**What the exercise asks:**
With the pictures left out, write every entry down exactly.

**Source data:**
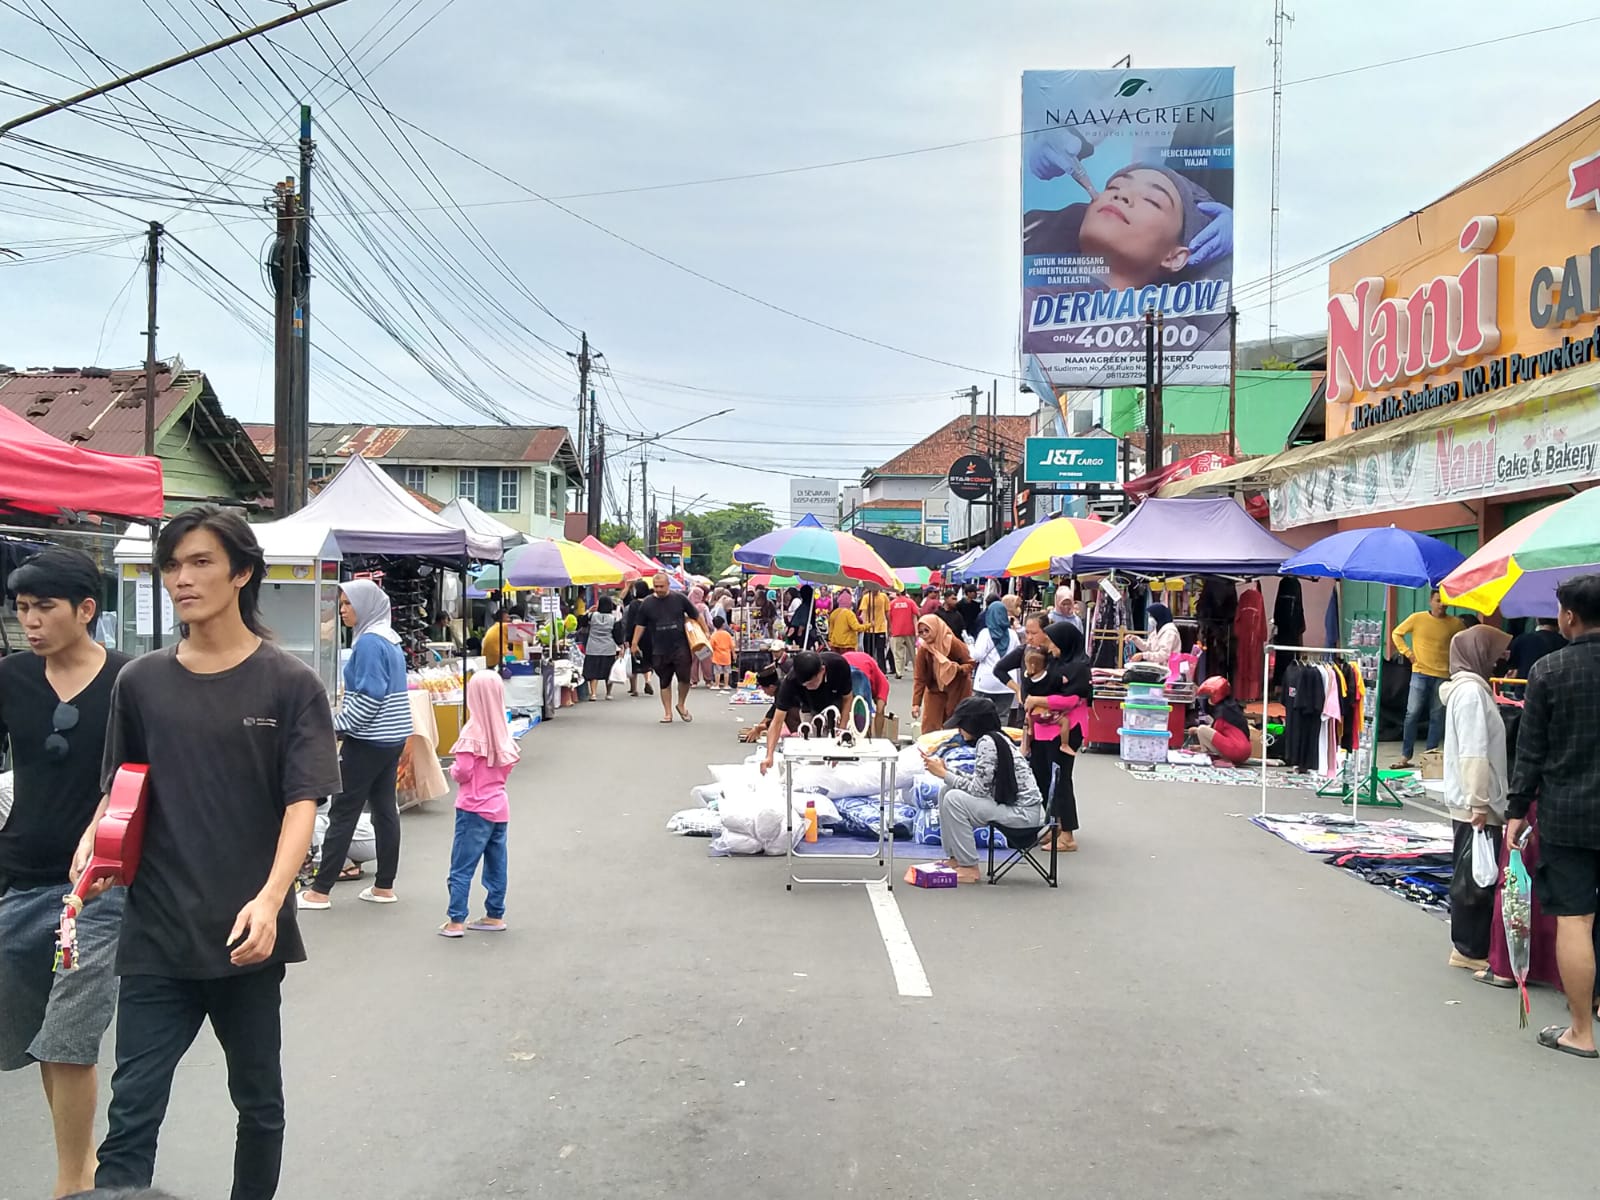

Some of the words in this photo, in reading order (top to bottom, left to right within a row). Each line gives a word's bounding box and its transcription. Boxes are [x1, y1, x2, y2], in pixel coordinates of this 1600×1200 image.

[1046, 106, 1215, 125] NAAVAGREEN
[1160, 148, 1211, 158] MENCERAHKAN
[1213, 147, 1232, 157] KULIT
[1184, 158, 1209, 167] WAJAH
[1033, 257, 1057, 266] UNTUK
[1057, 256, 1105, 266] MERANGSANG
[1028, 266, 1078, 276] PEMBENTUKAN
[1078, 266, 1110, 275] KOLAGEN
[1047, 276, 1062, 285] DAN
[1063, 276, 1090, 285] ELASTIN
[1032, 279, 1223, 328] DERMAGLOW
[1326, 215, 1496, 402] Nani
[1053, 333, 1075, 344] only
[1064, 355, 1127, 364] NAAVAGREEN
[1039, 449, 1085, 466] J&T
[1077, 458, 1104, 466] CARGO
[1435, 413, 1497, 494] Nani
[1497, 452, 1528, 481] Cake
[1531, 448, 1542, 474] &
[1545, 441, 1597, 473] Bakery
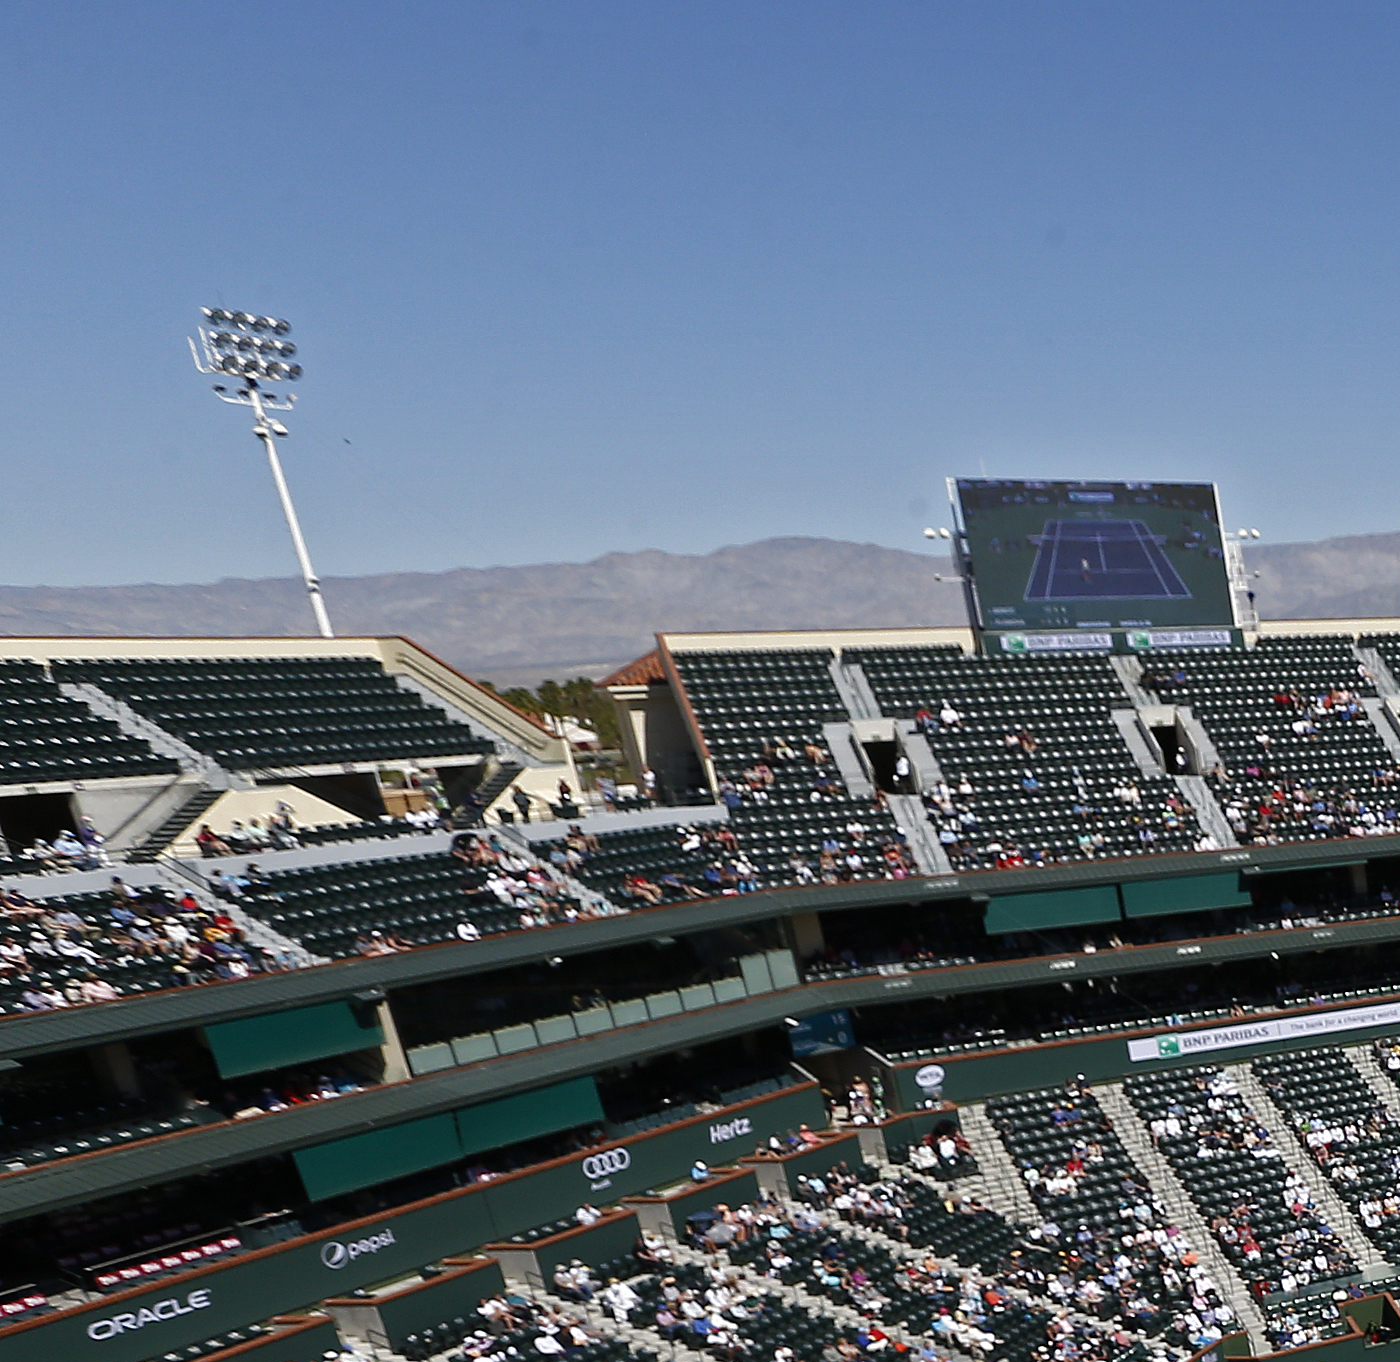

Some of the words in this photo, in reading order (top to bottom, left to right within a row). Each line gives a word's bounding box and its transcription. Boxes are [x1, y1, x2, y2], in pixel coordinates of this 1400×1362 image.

**Written solution:**
Some of the words in this photo, in reading order (top to bottom, left to right within a row). Each line gives a word's bounding box and its transcription. Boxes are [x1, y1, x2, y2], in pixel coordinates of this 1600×1200 image.

[1046, 106, 1215, 125] NAAVAGREEN
[1160, 148, 1211, 158] MENCERAHKAN
[1213, 147, 1232, 157] KULIT
[1184, 158, 1209, 167] WAJAH
[1033, 257, 1057, 266] UNTUK
[1057, 256, 1105, 266] MERANGSANG
[1028, 266, 1078, 276] PEMBENTUKAN
[1078, 266, 1110, 275] KOLAGEN
[1047, 276, 1062, 285] DAN
[1063, 276, 1090, 285] ELASTIN
[1032, 279, 1223, 328] DERMAGLOW
[1326, 215, 1496, 402] Nani
[1053, 333, 1075, 344] only
[1064, 355, 1127, 364] NAAVAGREEN
[1039, 449, 1085, 466] J&T
[1077, 458, 1104, 466] CARGO
[1435, 413, 1497, 494] Nani
[1497, 452, 1528, 481] Cake
[1531, 448, 1542, 474] &
[1545, 441, 1597, 473] Bakery

Some of the words in this photo, in reading order (top to bottom, left to right within a row). Each line gives a word's bounding box and its transcription. Boxes are [x1, y1, x2, y2], in pixel coordinates of this 1400×1362 image.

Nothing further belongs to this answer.